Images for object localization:
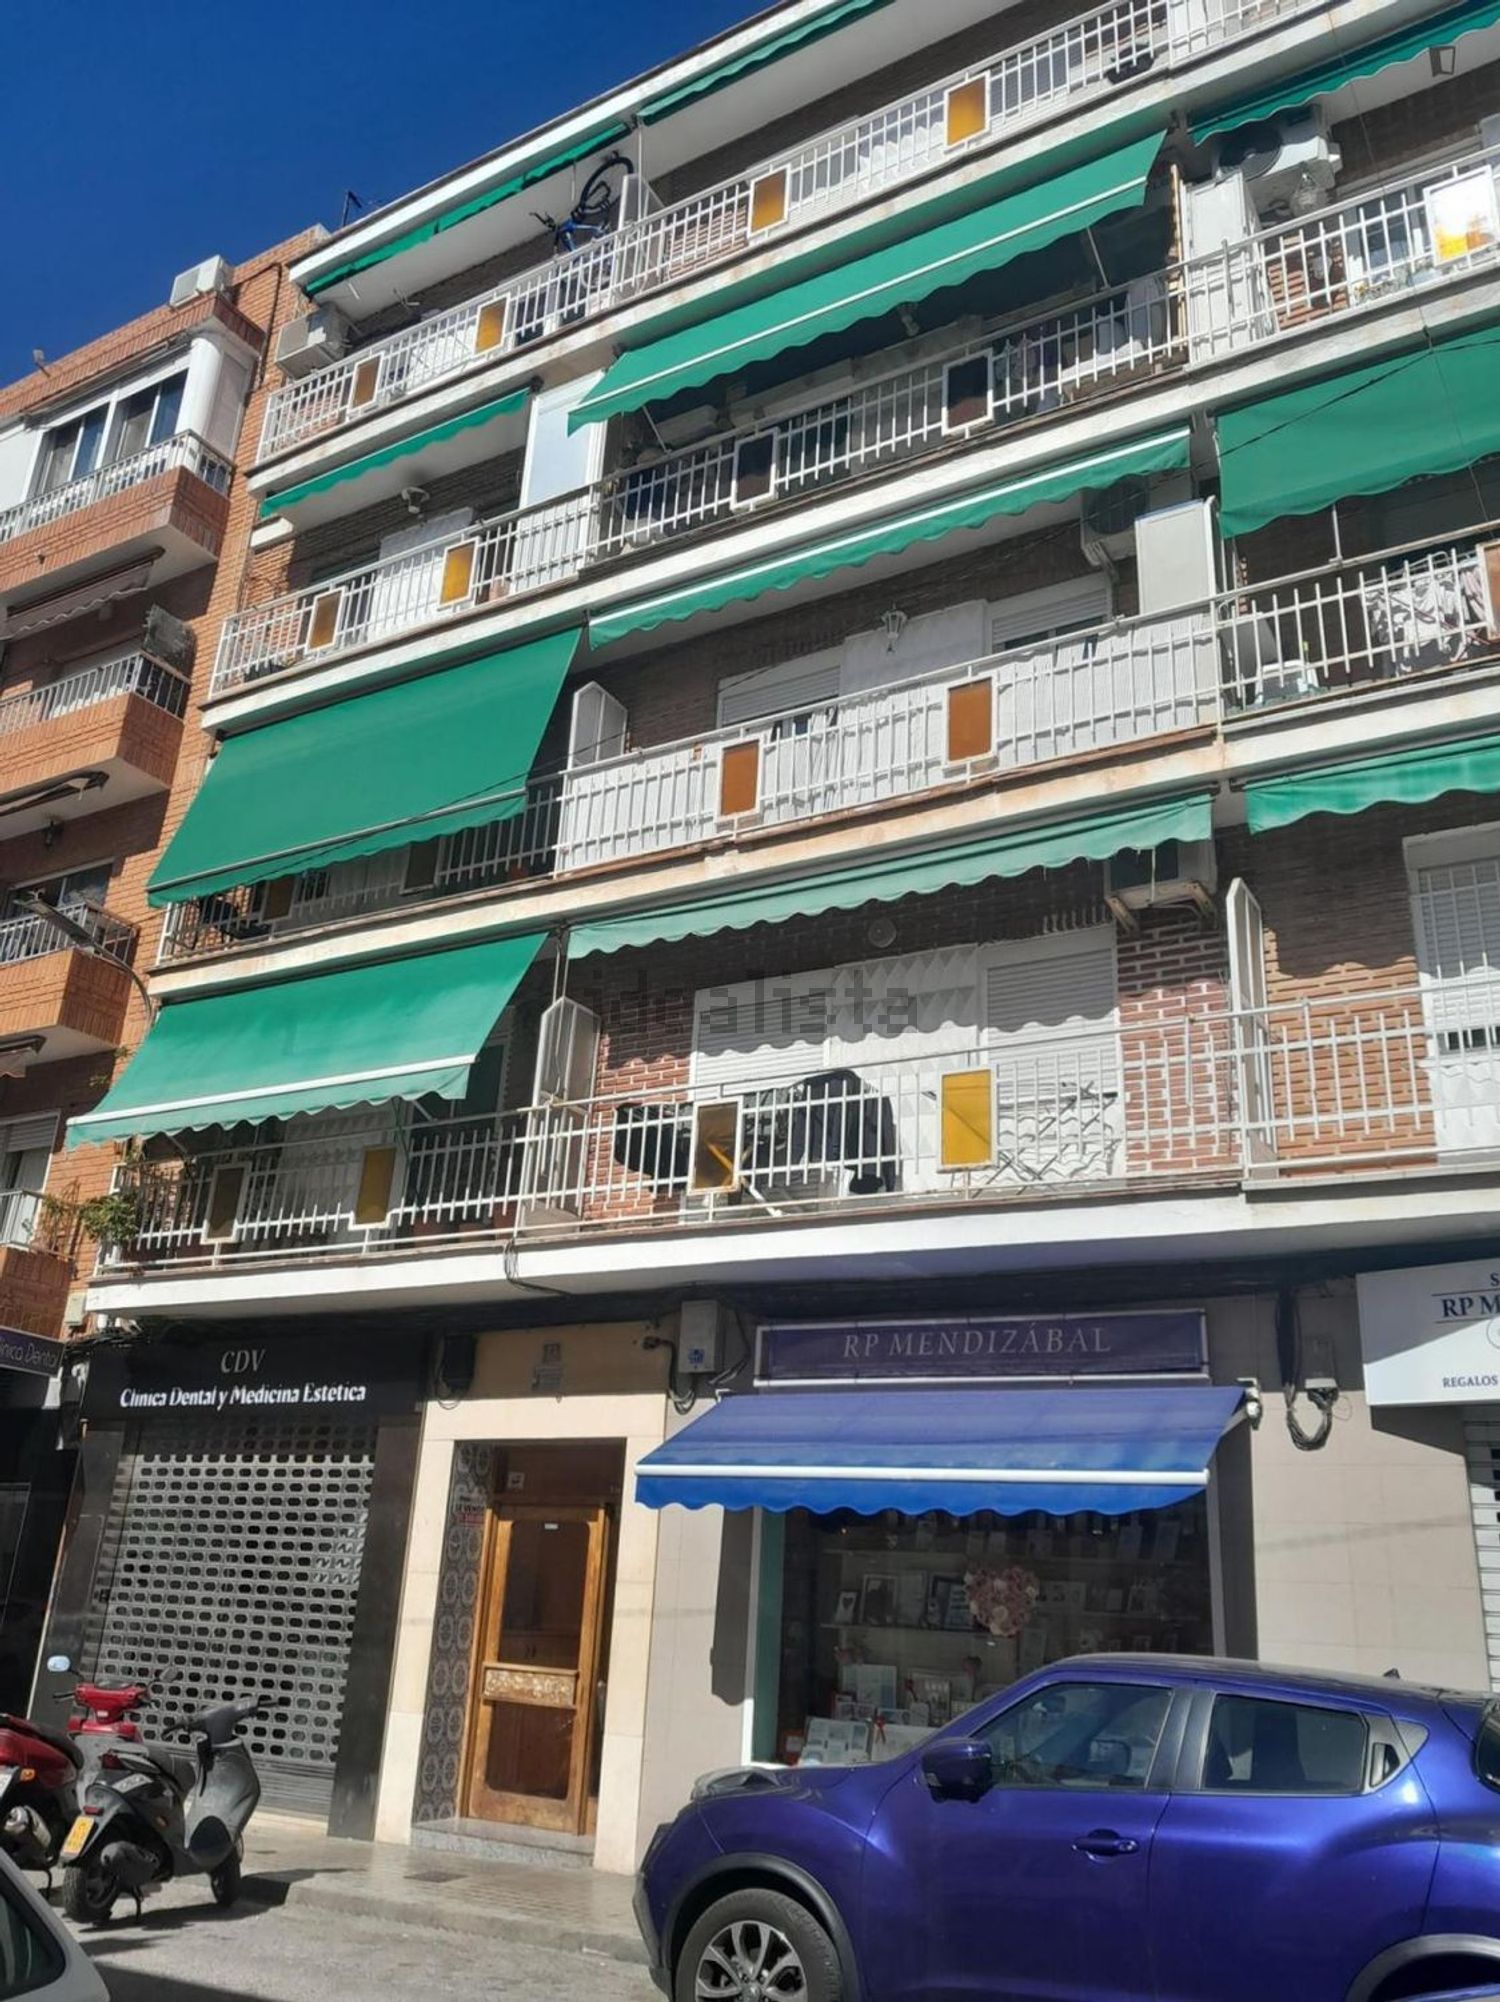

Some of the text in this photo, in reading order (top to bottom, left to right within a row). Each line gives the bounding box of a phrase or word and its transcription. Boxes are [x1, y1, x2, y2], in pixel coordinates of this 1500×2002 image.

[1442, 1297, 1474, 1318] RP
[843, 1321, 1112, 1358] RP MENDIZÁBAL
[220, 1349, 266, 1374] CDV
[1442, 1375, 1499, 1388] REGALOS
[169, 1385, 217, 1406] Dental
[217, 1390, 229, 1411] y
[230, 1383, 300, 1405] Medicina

| EXERCISE |
Repeat all of the entries above exactly. Keep pictures out of it.

| FINAL ANSWER |
Some of the text in this photo, in reading order (top to bottom, left to right within a row). Each line gives the bounding box of a phrase or word and its transcription. Boxes are [x1, y1, x2, y2], in pixel coordinates of this 1500×2002 image.

[1442, 1297, 1474, 1318] RP
[843, 1321, 1112, 1358] RP MENDIZÁBAL
[220, 1349, 266, 1374] CDV
[1442, 1375, 1499, 1388] REGALOS
[169, 1385, 217, 1406] Dental
[217, 1390, 229, 1411] y
[230, 1383, 300, 1405] Medicina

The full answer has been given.